The sixth and last election to Tayside Regional Council was held on 5 May 1994 as part of the wider 1994 Scottish regional elections. The election saw the Scottish National Party overtaking Labour to become the council's largest party, and following the election the SNP formed a minority administration. The Conservatives lost 10 seats and became the third largest party. 8 weeks later, leader of the council Lena Graham resigned 'for personal reasons' and Ewan Dow took over as council leader.

Background
The Local Government (Scotland) Act 1973 created a two-tier system of local government in Scotland. Tayside was one of 9 regions, below which were 3 districts; Dundee, Angus and Perth and Kinross. The region was governed by Tayside Regional Council, whose 46 councillors were elected every 4 years using the first past the post voting system. The previous election was held on 3 May 1990, and ended in victory for Labour who took 18 seats. The Conservatives came second with 14 seats, and the SNP finished third with 10.

The SNP stood on a platform of anti-privatisation, campaigning against the Conservative government's attempts to privatise the water and sewerage systems. A total of 160 candidates stood for 46 seats; 40 women and 120 men. The SNP stood in the most electoral divisions (45), followed by the Conservatives (41), Labour (36), the Liberal Democrats (25) and the Scottish Greens (8). Two Liberal Democrat candidates were disqualified before the election after it transpired that their proposers had already nominated other individuals.

Aftermath
The election ended with the SNP as the largest party, gaining 12 seats, although they were short of an overall majority. Labour took legal action after the SNP won Whitfield by just 1 vote, alleging that a spoiled ballot paper was counted in the SNP candidate's favour. The challenge was dropped after the Labour candidate George Barr was allowed to examine the contentious ballot paper.

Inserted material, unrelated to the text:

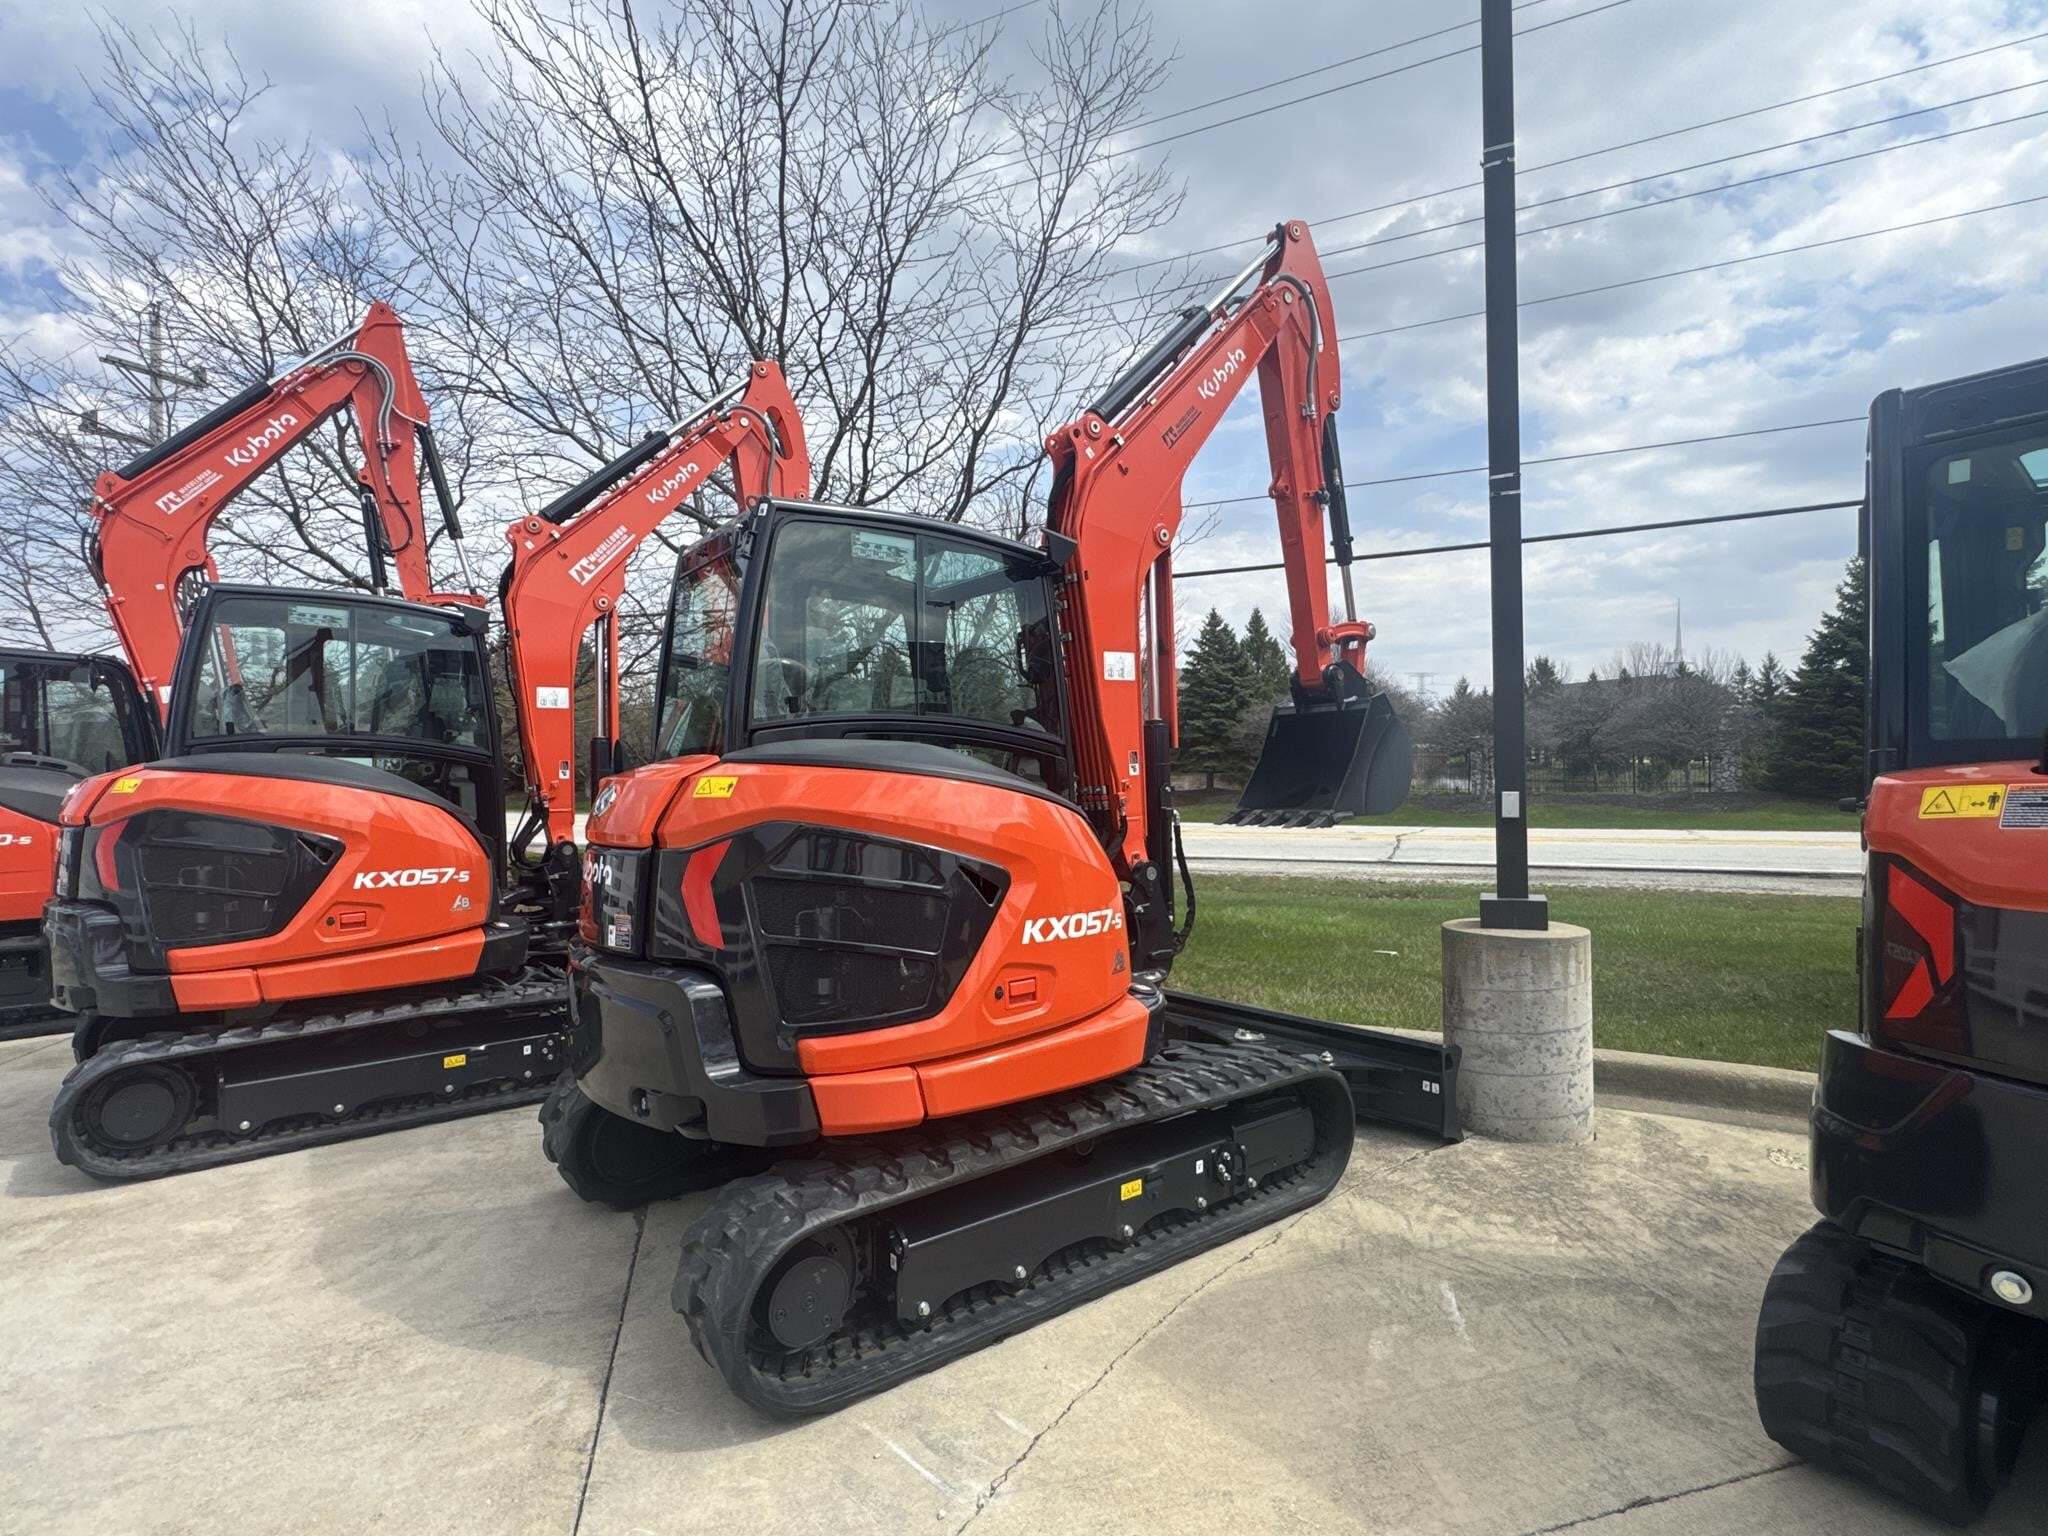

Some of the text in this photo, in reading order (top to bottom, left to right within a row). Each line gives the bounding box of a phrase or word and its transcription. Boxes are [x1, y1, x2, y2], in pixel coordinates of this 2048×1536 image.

[1198, 348, 1247, 400] Kubota
[223, 413, 299, 467] Kubota
[645, 462, 700, 504] Kubota
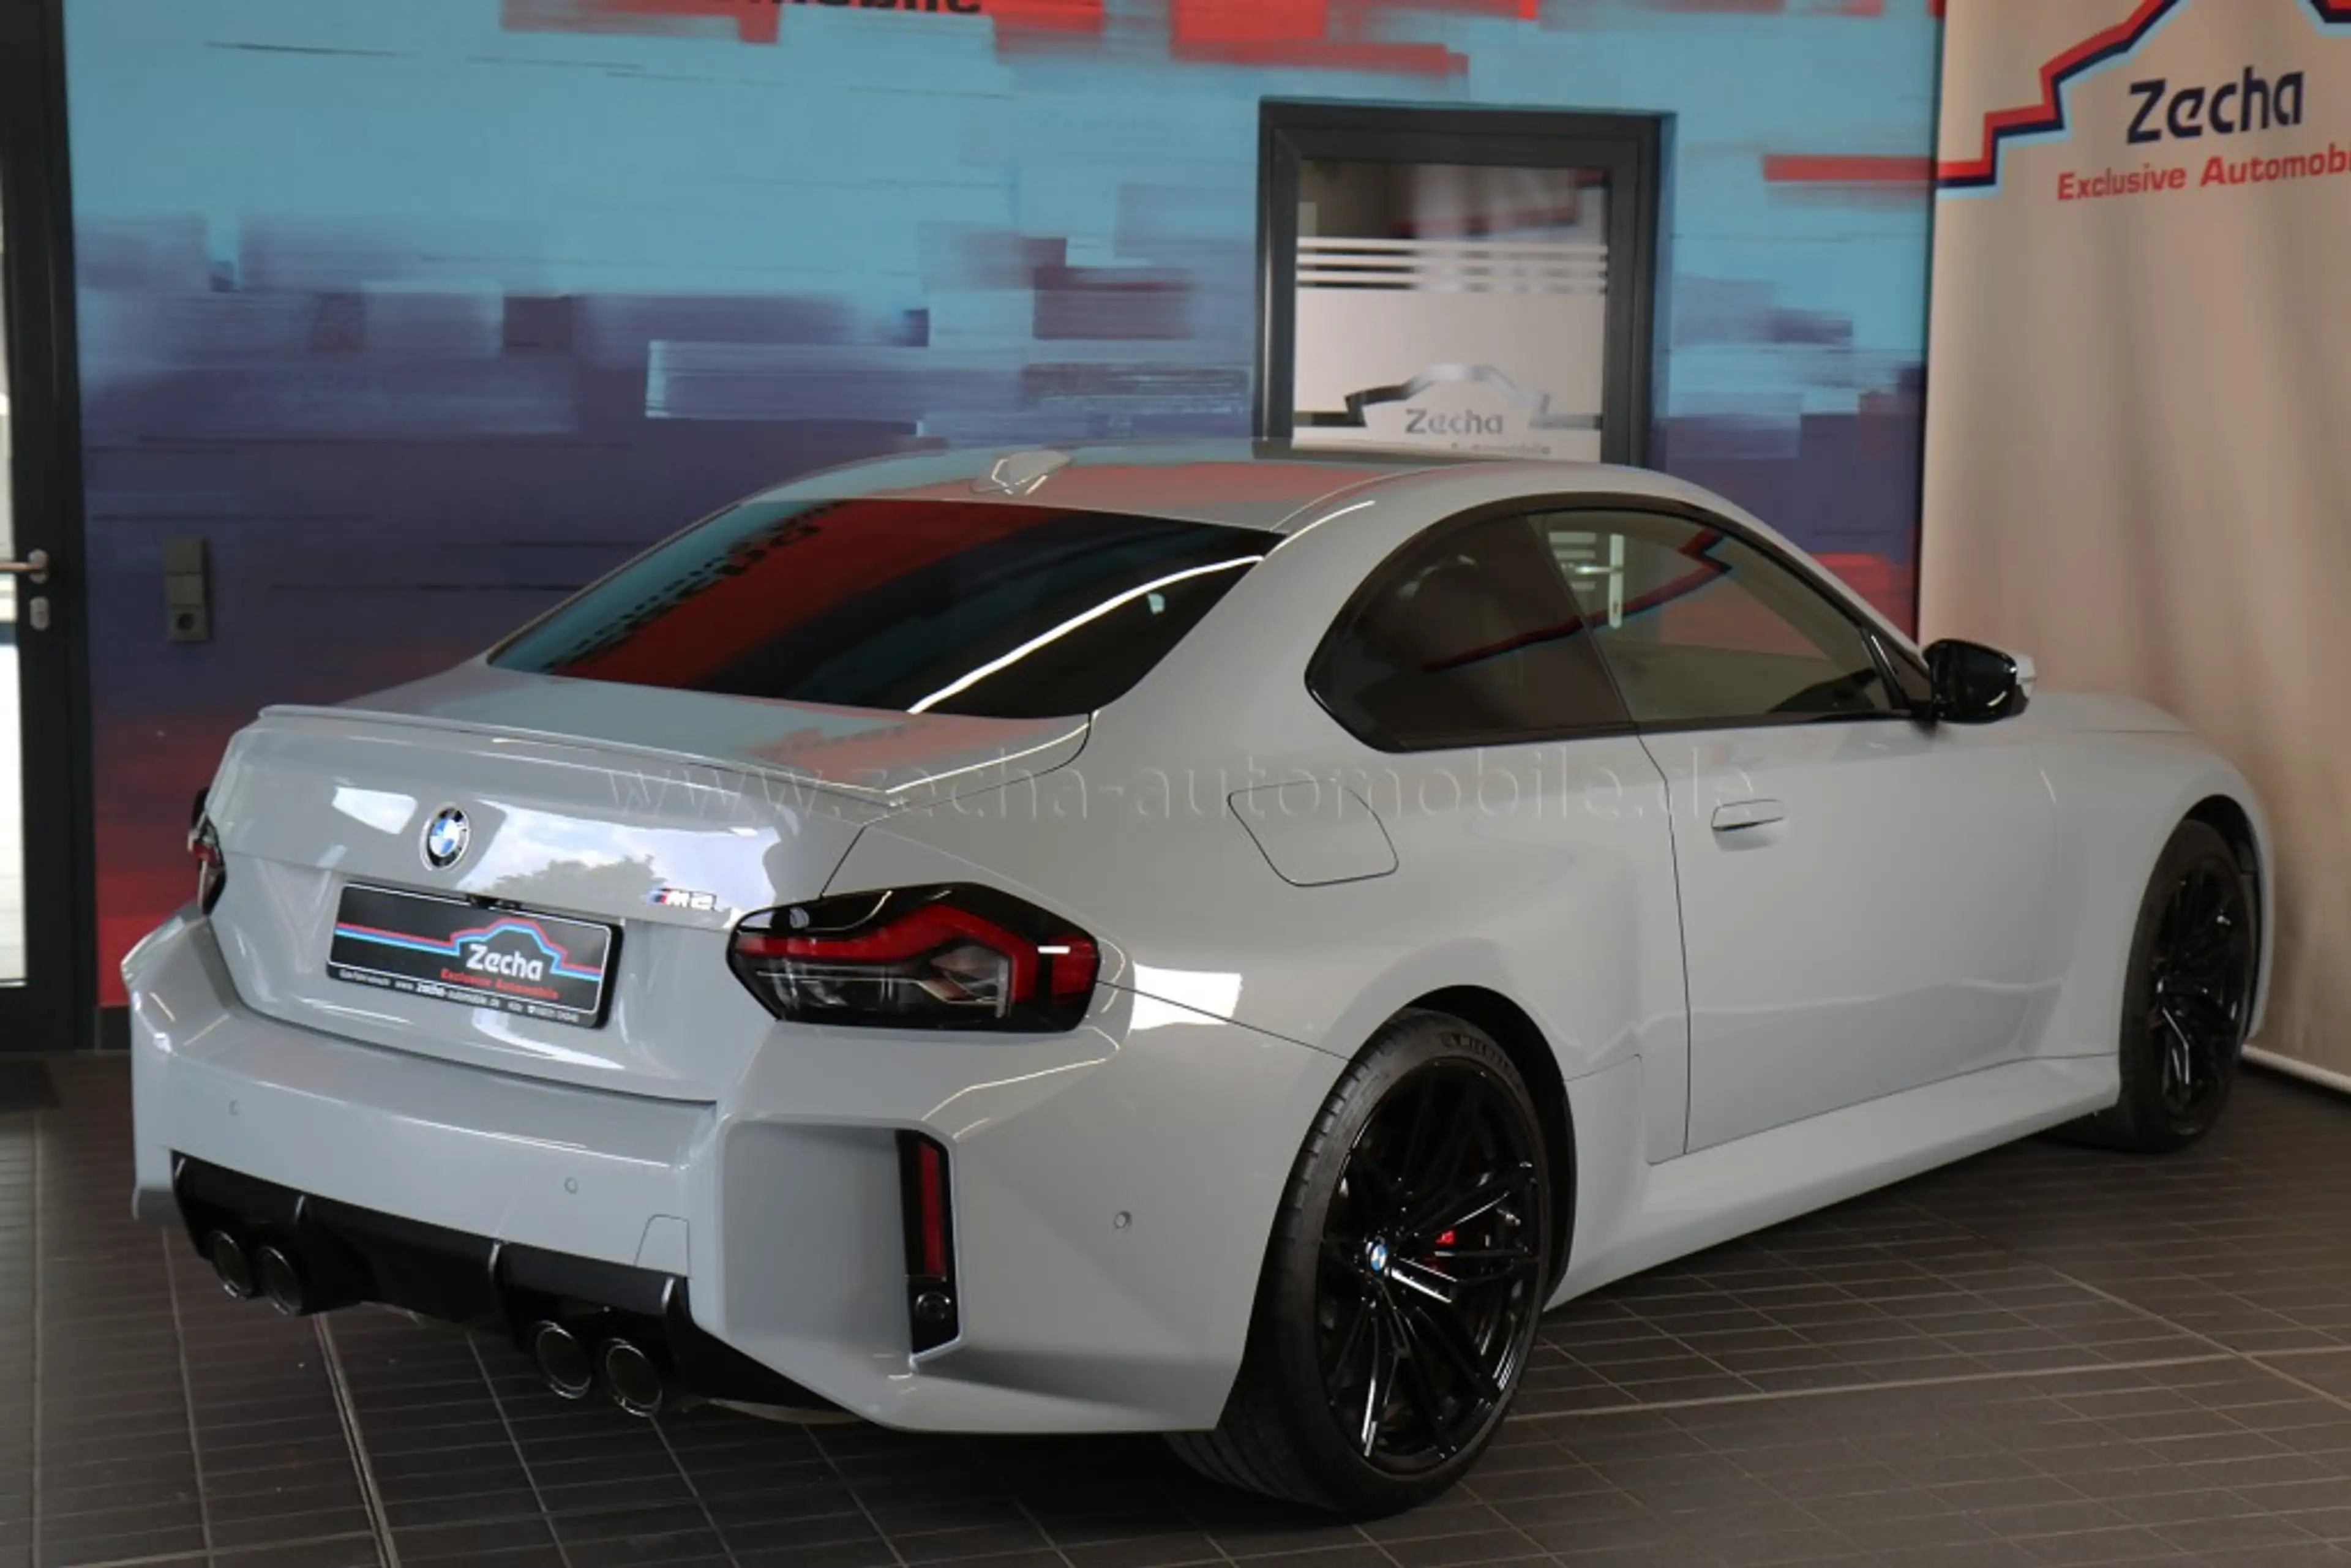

Some Labour councillors backed nominating candidates to convenerships, knowing that they could only be elected with Conservative support. This was condemned by Scottish Labour's general secretary Jack McConnell, who told the councillors that "no Labour administration worth its salt would get the support of the Tories". Conservative group leader Bruce Mackie denied such a move, saying "There is no question at all of us working in any alliance with any other party." The SNP eventually formed a minority administration, with former group leader Frances Duncan elected convener and Lena Graham elected as council leader. 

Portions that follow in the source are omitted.